While cache coherency won’t disappear anytime soon, it is increasingly being viewed as a luxury necessary to preserve a long-standing programming paradigm. As a result, architectures are beginning to limit its use whenever it makes sense.

Caches effectively move selective areas of memory closer to the processor, reducing the wait time to process data and improving the overall performance. A contiguous memory space is an essential element of the von Neumann processor architecture, and one that is relatively cheap and easy to implement, even when multiple processors are added. But there are other ways to speed up processing, and using general-purpose processors and cache for everything is neither the fastest or the most efficient.

 


Fig. 1: Simplified cache coherency concept. Source: Wikipedia

Caching is complicated to manage, too. It creates a problem, because there are now multiple copies of certain pieces of the memory space. If a variable happens to be in use, and can be manipulated by multiple processors, the hardware has to ensure all those processors see the same value for that variable.

Within the context of a single chip, packaged solutions exist and can be adapted to most requirements. However, when coherence is required across chips, it becomes more difficult. Recently, standards have come into existence, such as CCIX and CXL, that ensure compatibility between systems from multiple vendors.

“Coherence is a contract between agents that says, ‘I promise you that I will always provide the latest data to you,'” says Michael Frank, fellow and system architect at Arteris IP. “It is mostly important when you have a lot of people sharing the same data set. Coherence between equal peers is very important and will not go away.”

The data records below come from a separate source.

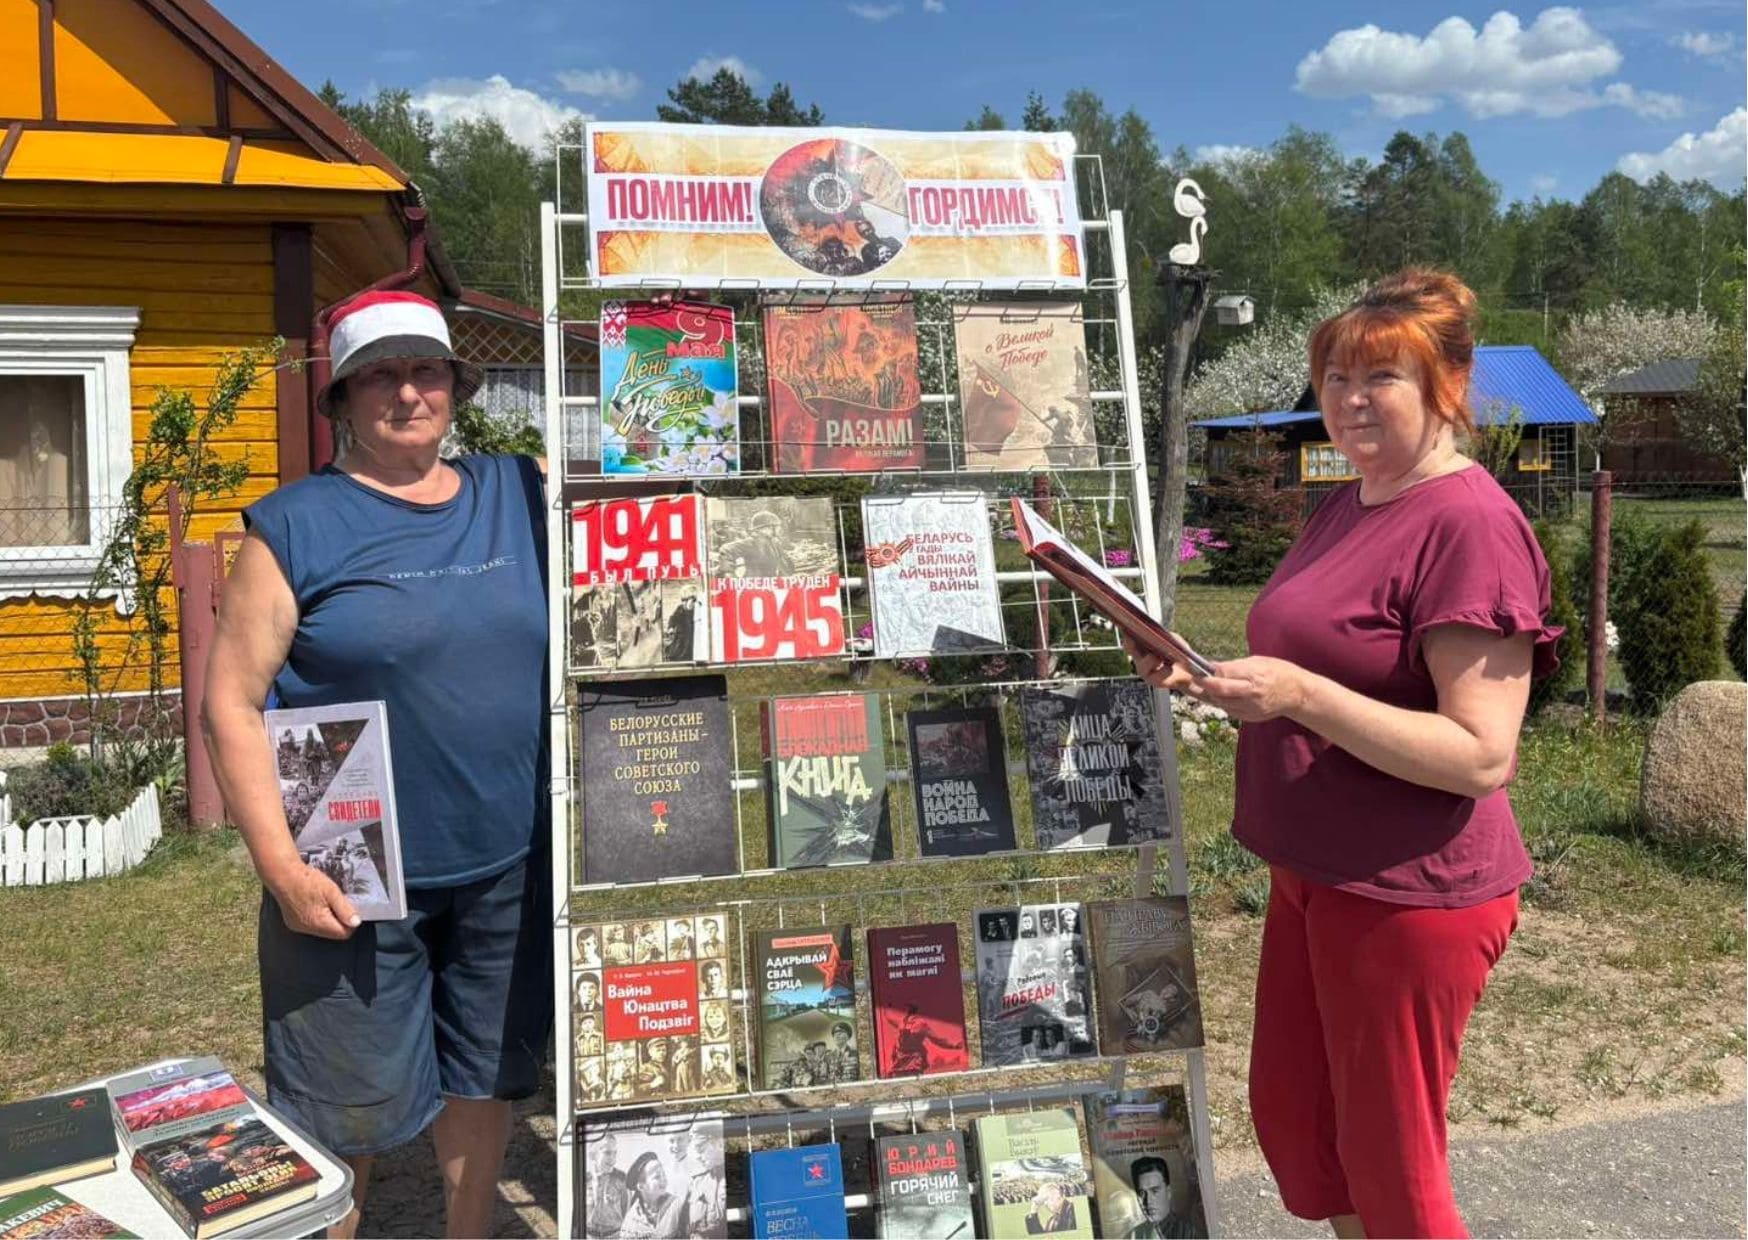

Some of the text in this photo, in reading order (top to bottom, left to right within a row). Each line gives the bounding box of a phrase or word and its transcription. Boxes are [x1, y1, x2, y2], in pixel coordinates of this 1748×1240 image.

[607, 179, 1064, 229] ПОМНИМ! ГОРДИМС!
[676, 306, 725, 345] 9
[996, 323, 1054, 349] Великой
[1001, 348, 1049, 372] Победе
[572, 496, 699, 584] 1941
[906, 532, 974, 544] БЕЛАРУСЬ
[918, 551, 976, 565] ВЯЛІКАЙ
[590, 563, 700, 585] БЫЛ ПУТЬ
[898, 565, 978, 580] АЙЧЫННАЙ
[718, 574, 831, 591] К ПОБЕДЕ ТРУДЕН
[930, 578, 980, 593] ВАЙНЫ
[711, 574, 846, 662] 1945
[609, 712, 704, 731] БЕЛОРУССКИЕ
[1070, 713, 1112, 740] ЛИЦА
[636, 747, 678, 762] ГЕРОИ
[615, 761, 700, 780] СОВЕТСКОГО
[634, 779, 682, 794] СОЮЗА
[778, 755, 873, 816] КНИГА
[921, 780, 977, 798] ВОЙНА
[1064, 775, 1132, 803] ПОБЕДЫ
[328, 799, 382, 823] СВИДЕТЕЛИ
[923, 795, 979, 812] НАРОД
[925, 807, 991, 827] ПОБЕДА
[766, 951, 828, 968] АДКРЫВАЙ
[886, 944, 943, 957] Перамогу
[607, 984, 653, 999] Вайна
[767, 979, 803, 990] СЭРЦА
[1002, 981, 1057, 1010] ПОБЕДЫ
[623, 998, 689, 1016] Юнацтва
[639, 1013, 695, 1031] Подзвіг
[888, 1156, 958, 1175] БОНДАРЕВ
[890, 1171, 960, 1195] ГОРЯЧИЙ
[927, 1189, 960, 1205] СНЕГ

But over time, as increasing numbers of processors have been added into designs, the cost associated with this solution has increased. “Heterogenous, dataflow-driven compute means doing more compute on more data,” says Adnan Hamid, executive president and CTO for Breker Verification Systems. “This data is being shared across more networks, while managing security and power. It is hampered by poor old Mr. Von Neumann and his memory bottleneck. Far from losing caches, high-performance systems are forced to implement multiple levels of distributed caches within and across chips, systems, and data centers.”

Many new programming paradigms do not have this problem. Memory — or more correctly, the contents of memory — are provided to a processor on which it performs a task. On completion, the contents of that memory are made available to whoever else wants to work on it. It is simple, clean, fast, and efficient.

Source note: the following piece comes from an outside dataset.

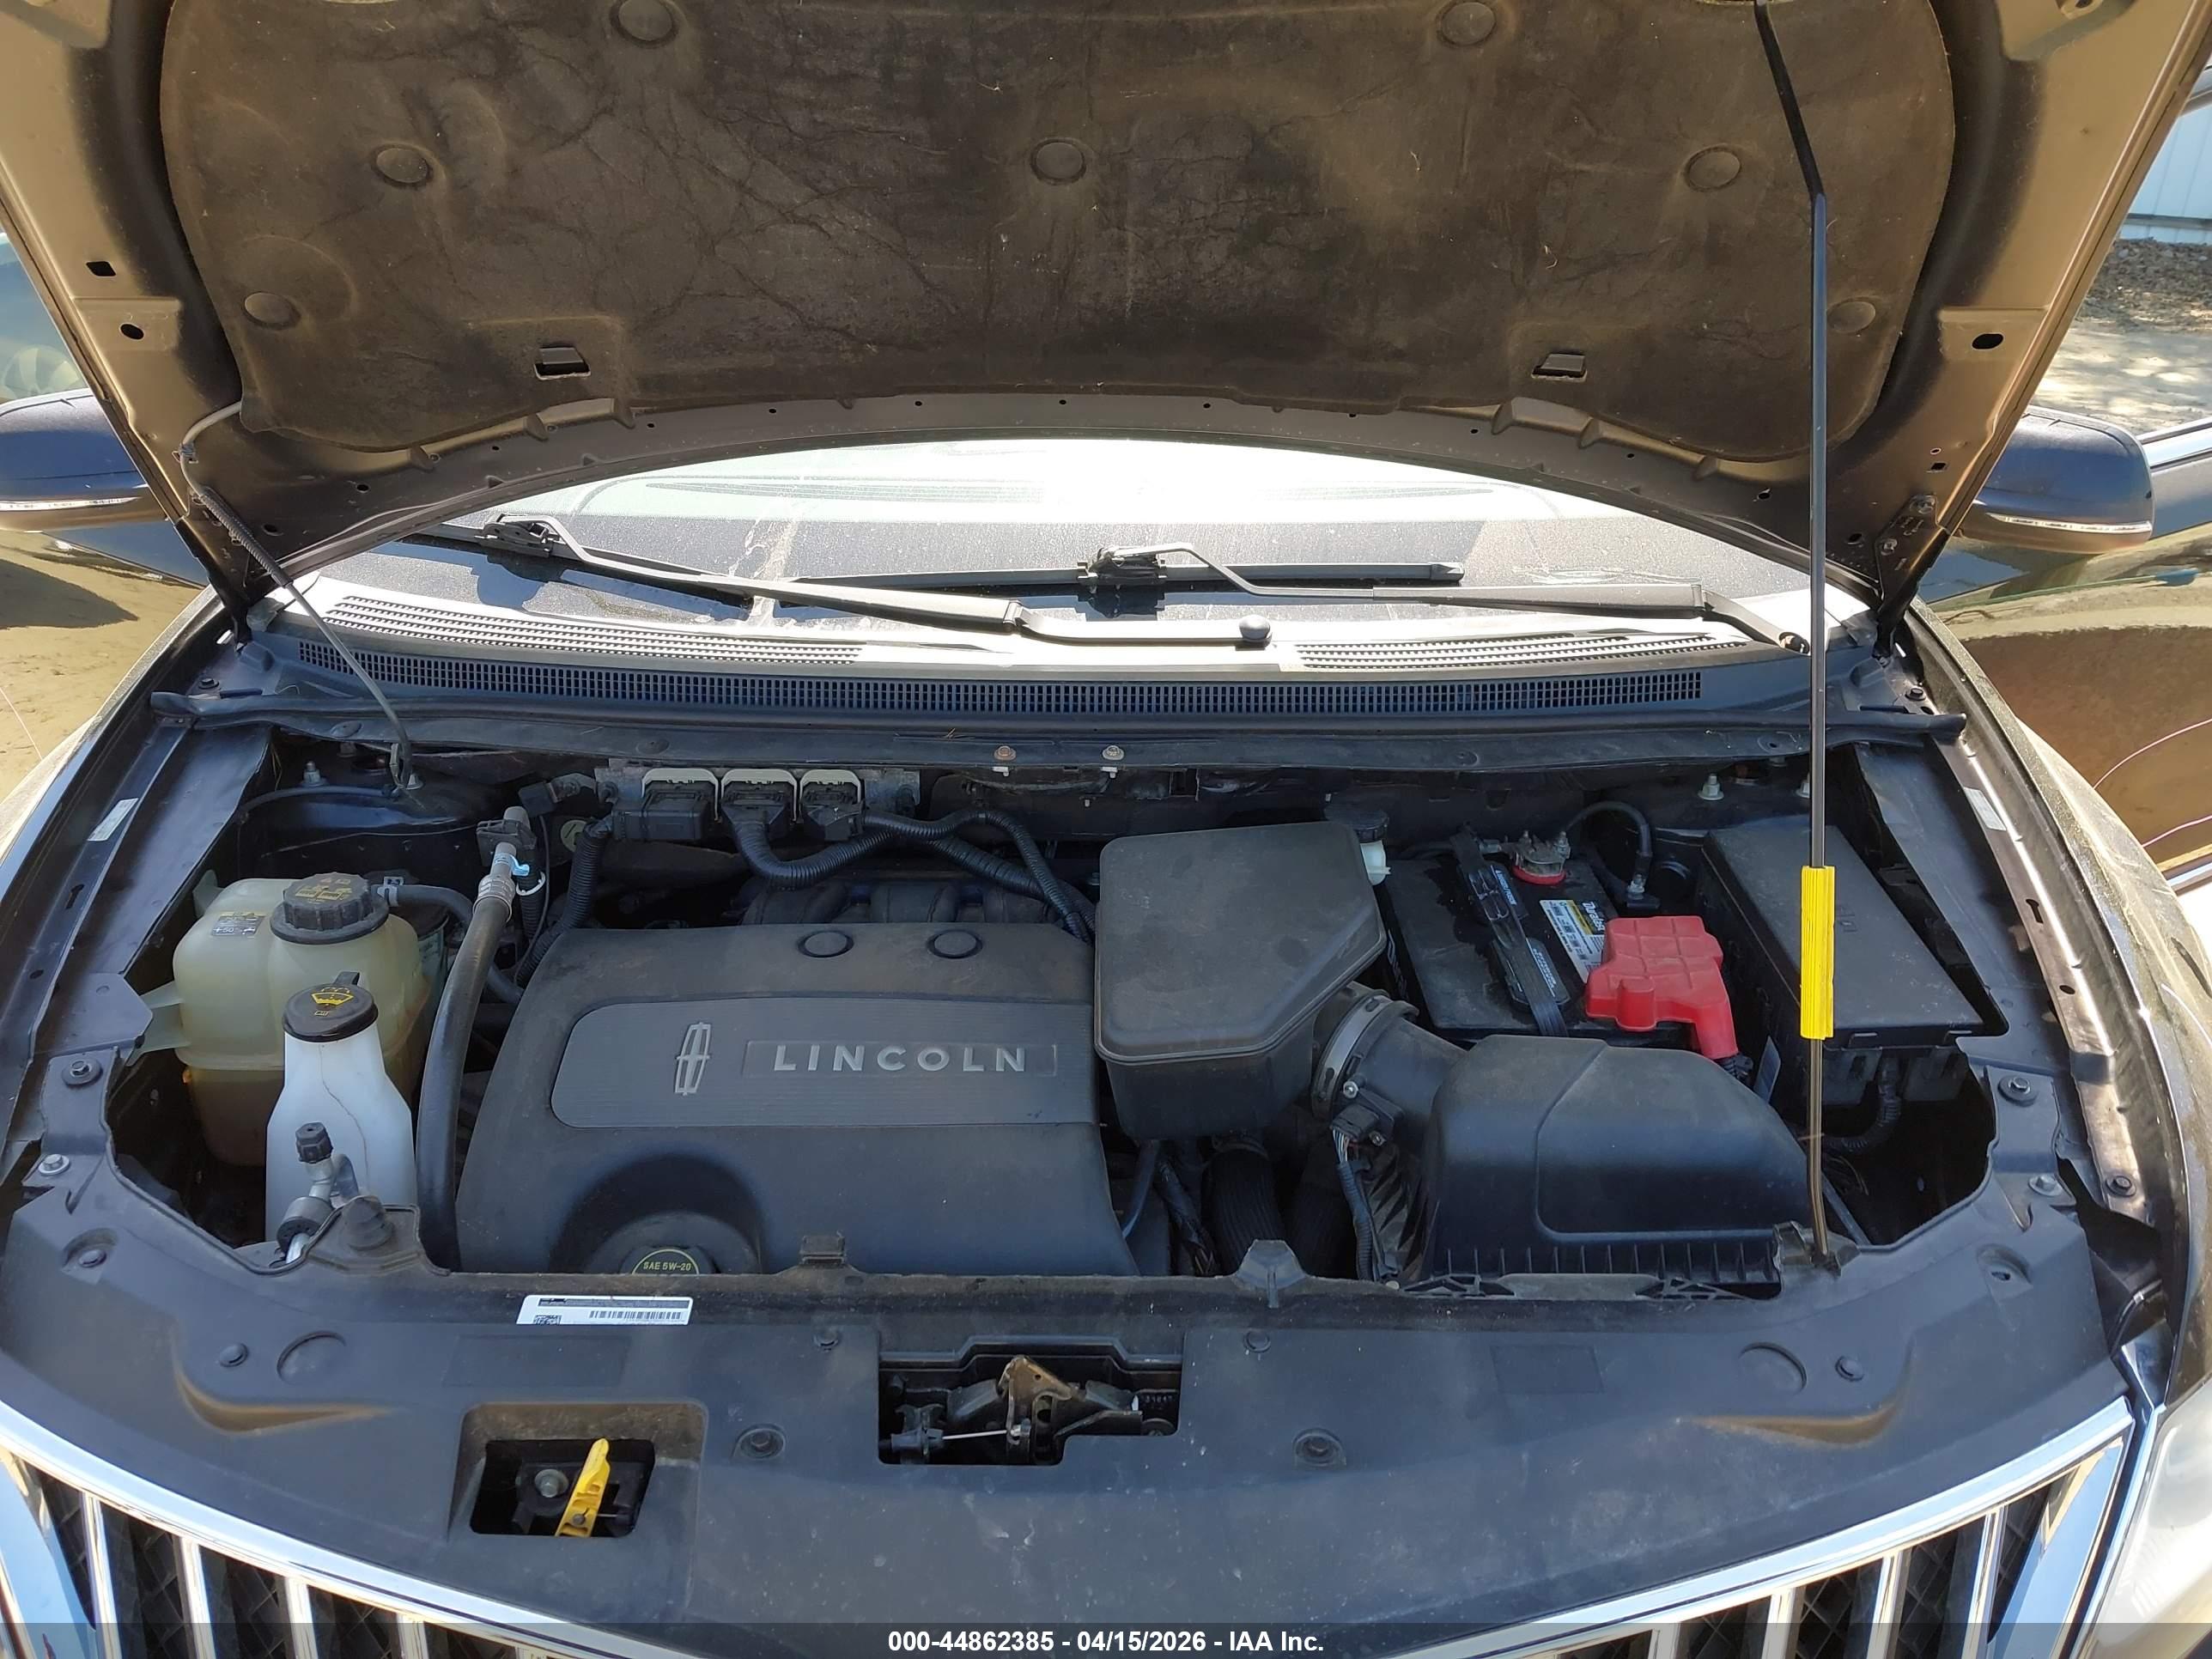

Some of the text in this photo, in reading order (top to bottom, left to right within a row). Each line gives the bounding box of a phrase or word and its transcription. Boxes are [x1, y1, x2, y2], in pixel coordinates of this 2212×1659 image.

Still, change takes time. “The nature of processing continues to be multiple processing threads collaborating to complete some task,” says Millind Mittal, vice president for strategic architecture and fellow at Xilinx. “Even for heterogeneous architectures, one way to see the overall processing scope is that now, instead of homogeneous general-purpose processing (GP) threads on CPUs, work collaboration is among the processing threads that compromise GP threads and task-optimized processing (TP) threads.”

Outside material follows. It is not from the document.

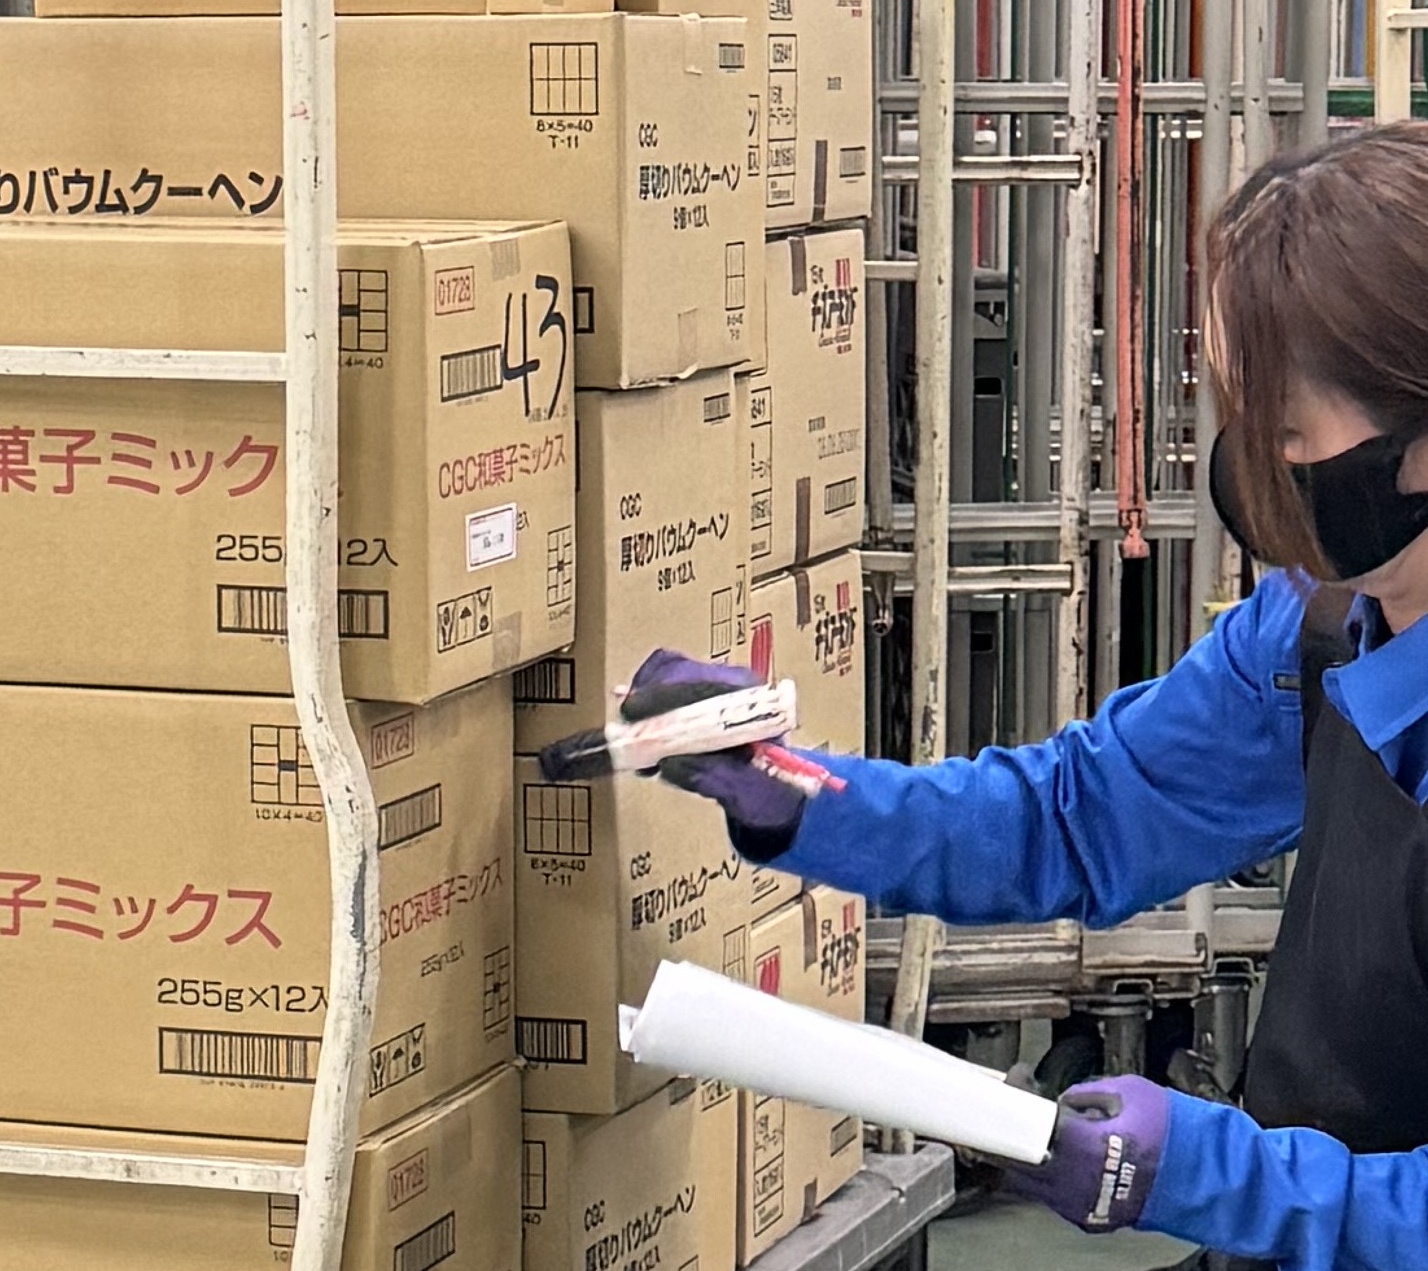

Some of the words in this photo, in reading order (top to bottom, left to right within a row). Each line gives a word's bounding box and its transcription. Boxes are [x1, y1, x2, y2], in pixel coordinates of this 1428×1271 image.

[501, 274, 568, 420] 43
[438, 434, 566, 500] CGC和菓子ミックス
[158, 977, 329, 1014] 255g×12入

When the tasks are well understood, this can be avoided. “In a dataflow engine, coherence is less important, because you’re shipping the data that is moving on the edge directly from one accelerator to the other,” says Arteris’ Frank. “If you partition the data set, coherence gets in the way because it costs you extra cycles. You have to look up and provide the update information. But if you have a general accelerator type, say, a sea of equal processes with vector engines, coherency is the lifesaver because it allows you to rely on where the data is.”

That simplifies the design process. “Invariably there is a need for shared data structures between these collaborating threads,” says Xilinx’s Mittal. “Cache coherence helps in two ways — ease of achieving memory consistency for a shared data structure (no explicit software-driven coherence operation needed) or performance (when multiple threads have frequent access to a data structure). There are scalability and complexity issues with hardware-based coherency solutions.”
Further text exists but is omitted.